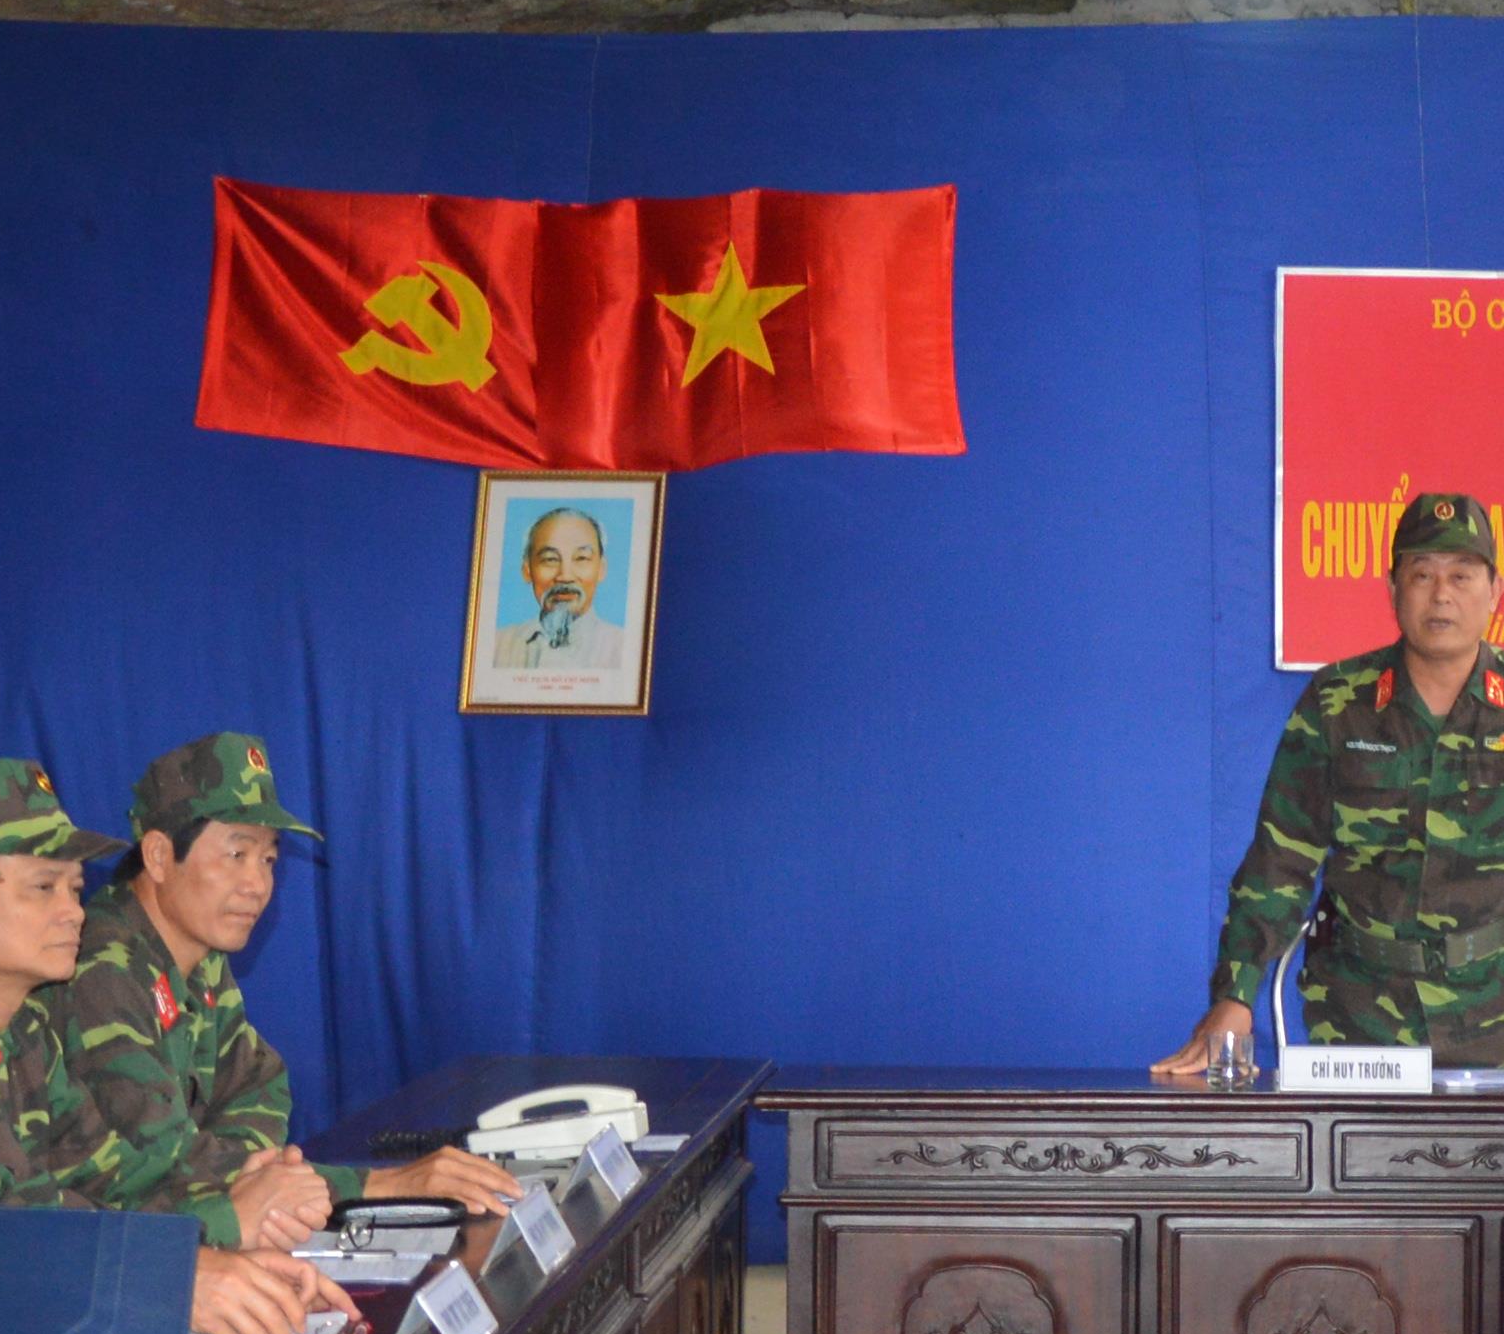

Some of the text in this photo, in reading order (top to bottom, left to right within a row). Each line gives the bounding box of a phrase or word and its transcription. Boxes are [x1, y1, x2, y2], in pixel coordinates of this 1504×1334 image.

[1431, 294, 1477, 337] BỘ
[1302, 473, 1410, 579] CHUYỂ
[1311, 1055, 1401, 1080] CHỈ HUY TRƯỞNG
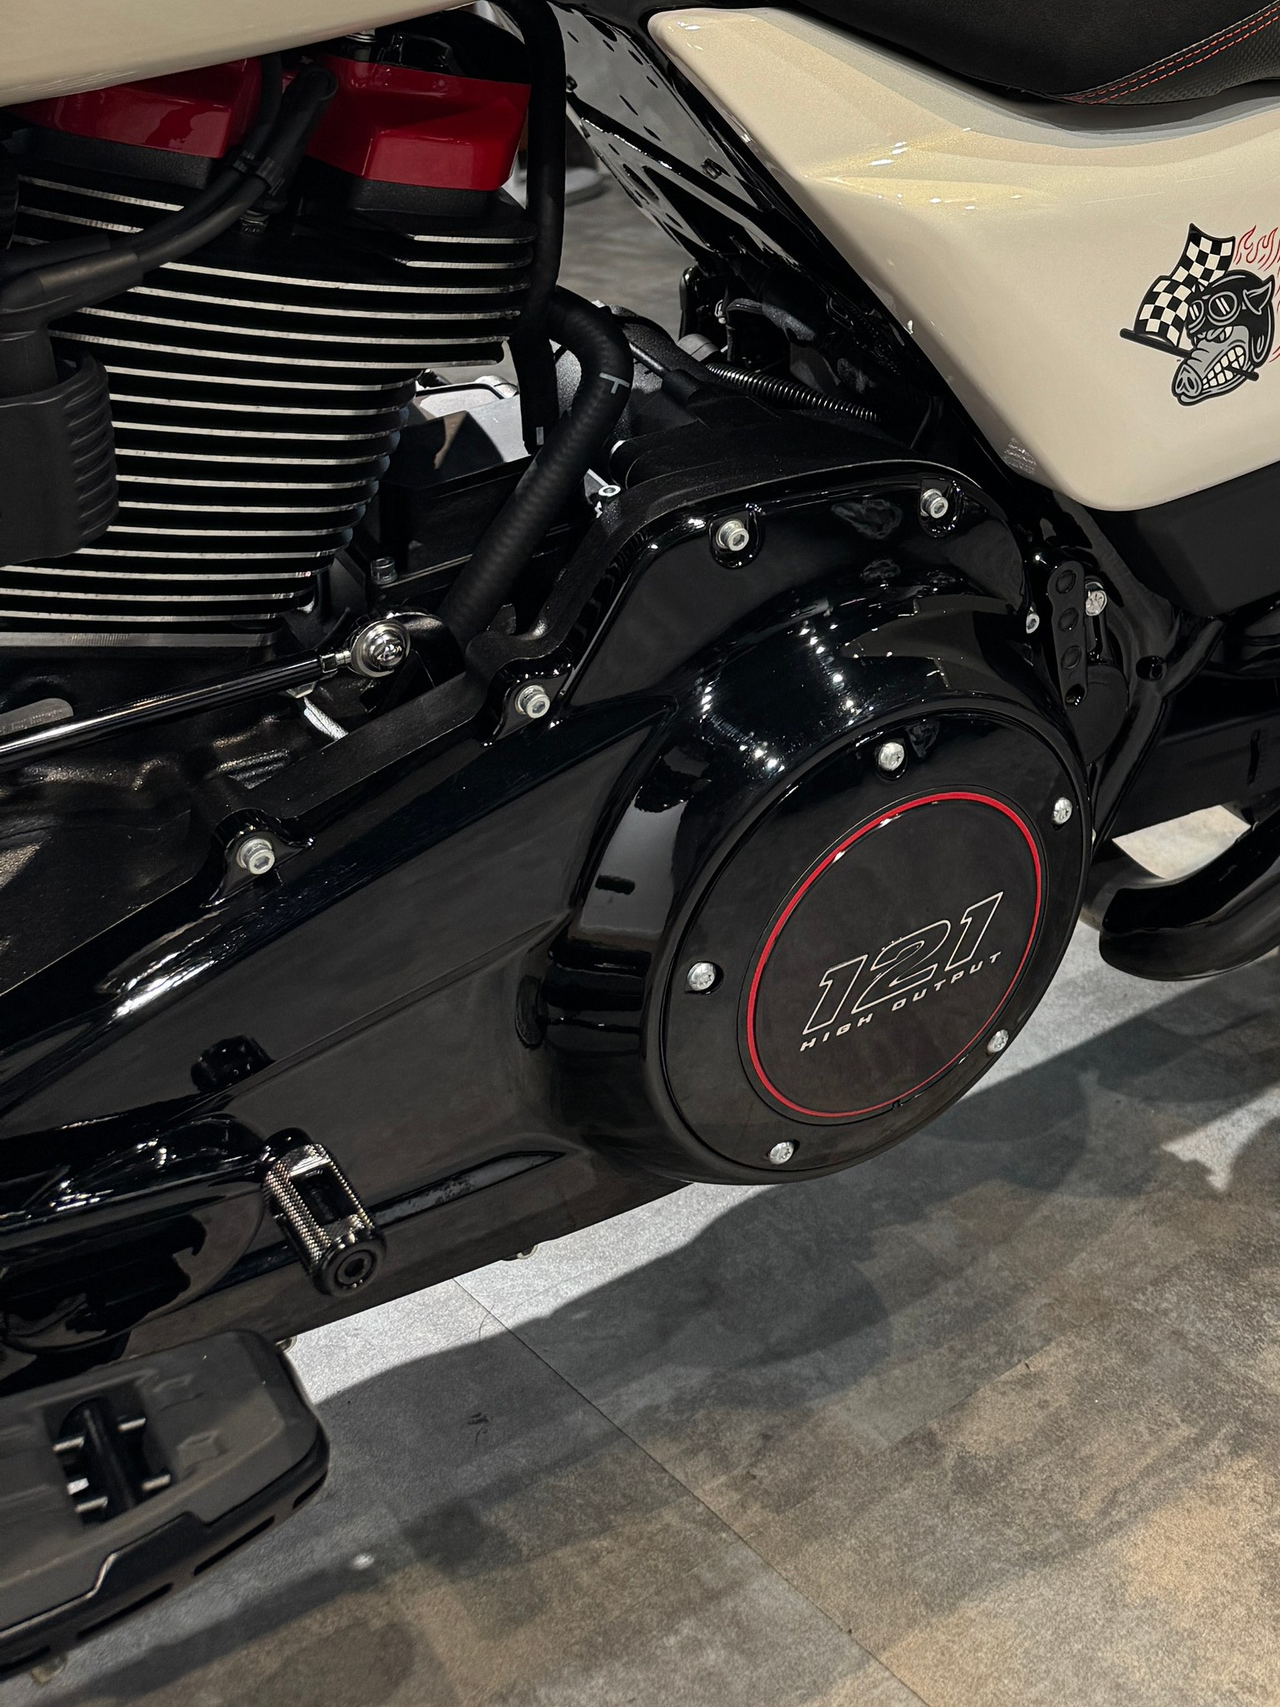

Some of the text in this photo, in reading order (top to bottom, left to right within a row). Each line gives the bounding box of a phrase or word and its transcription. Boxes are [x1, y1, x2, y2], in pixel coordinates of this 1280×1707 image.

[799, 951, 1002, 1053] HIGH OUTPUT
[802, 891, 1004, 1036] 121
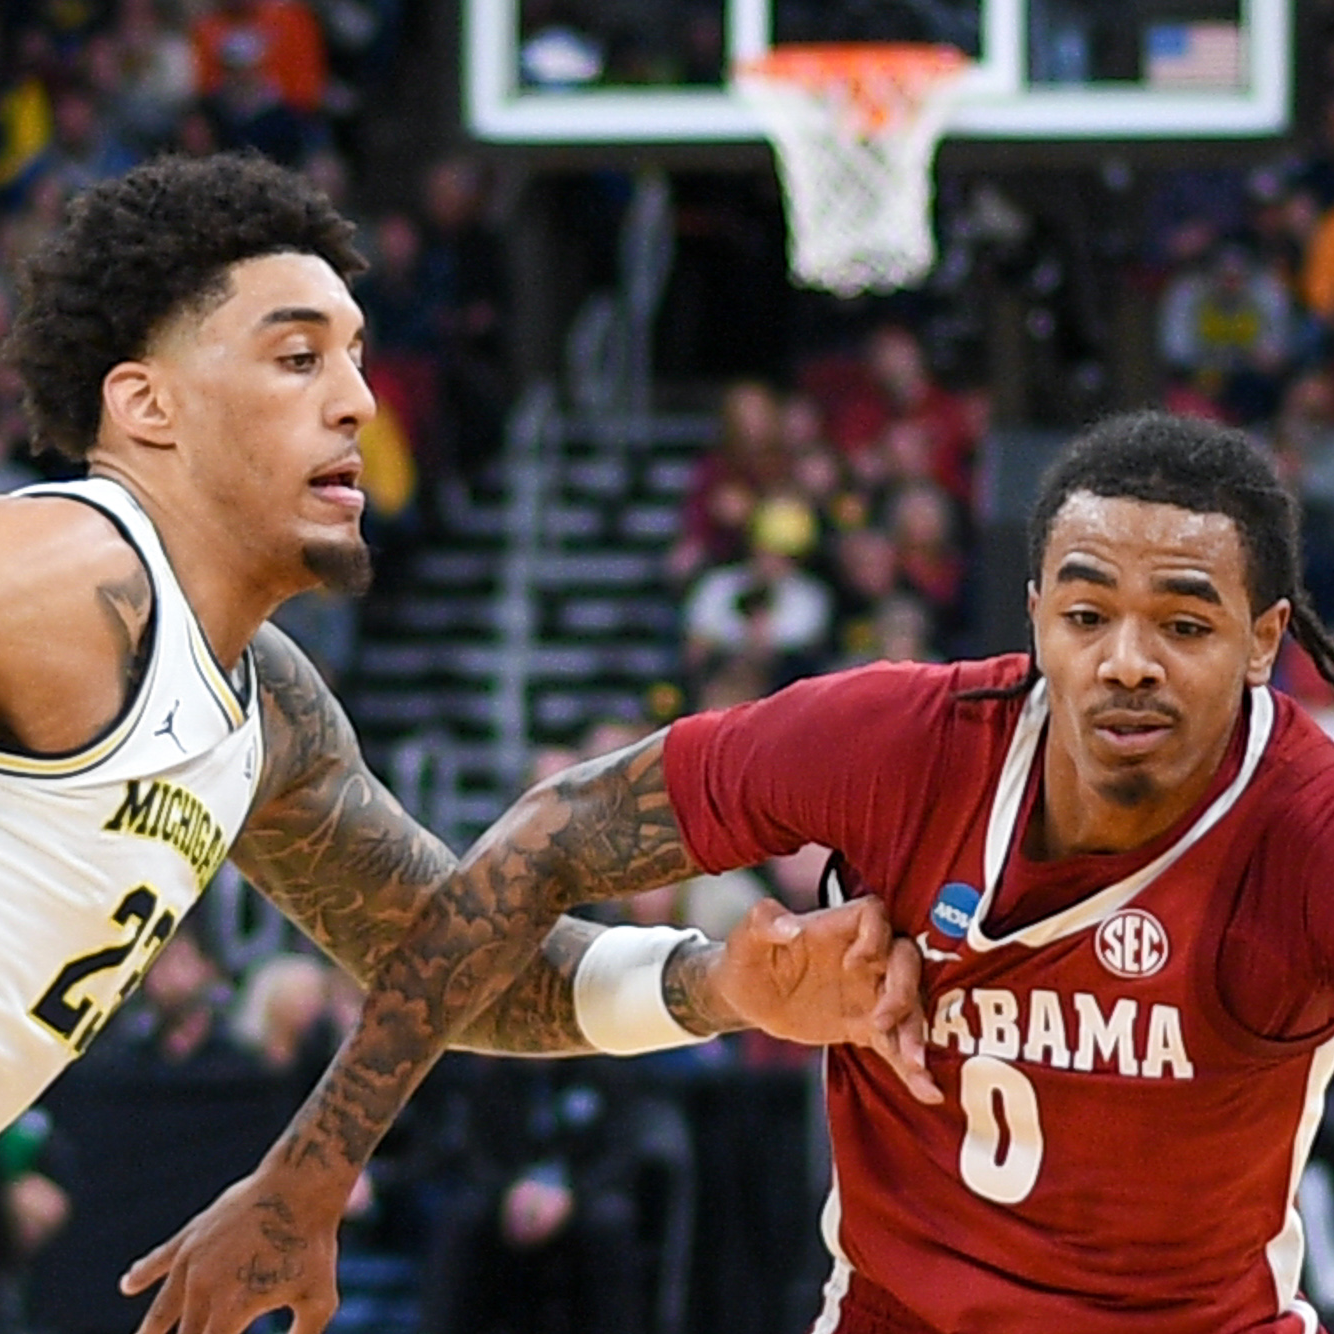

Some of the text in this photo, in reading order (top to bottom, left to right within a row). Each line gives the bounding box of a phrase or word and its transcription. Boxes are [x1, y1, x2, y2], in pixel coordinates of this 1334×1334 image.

------------------------------------------------------------------------

| Work task |
Print the listing exactly, minus any pictures.

| Exercise answer |
Some of the text in this photo, in reading order (top to bottom, left to right within a row). Each line gives the bounding box of a phrase or word and its transcription. Boxes are [x1, y1, x2, y2], in pixel coordinates of this 1504×1334 image.

[1431, 294, 1477, 337] BỘ
[1302, 473, 1410, 579] CHUYỂ
[1311, 1055, 1401, 1080] CHỈ HUY TRƯỞNG

Some of the text in this photo, in reading order (top to bottom, left to right within a row). Each line gives the bounding box of a phrase or word and its transcription. Boxes are [x1, y1, x2, y2], in pixel coordinates of this 1280×1707 image.

[799, 951, 1002, 1053] HIGH OUTPUT
[802, 891, 1004, 1036] 121

Some of the text in this photo, in reading order (top to bottom, left to right within a row). Each line gives the bounding box of a phrase or word and its transcription. Boxes are [x1, y1, x2, y2], in pixel coordinates of this 1334×1334 image.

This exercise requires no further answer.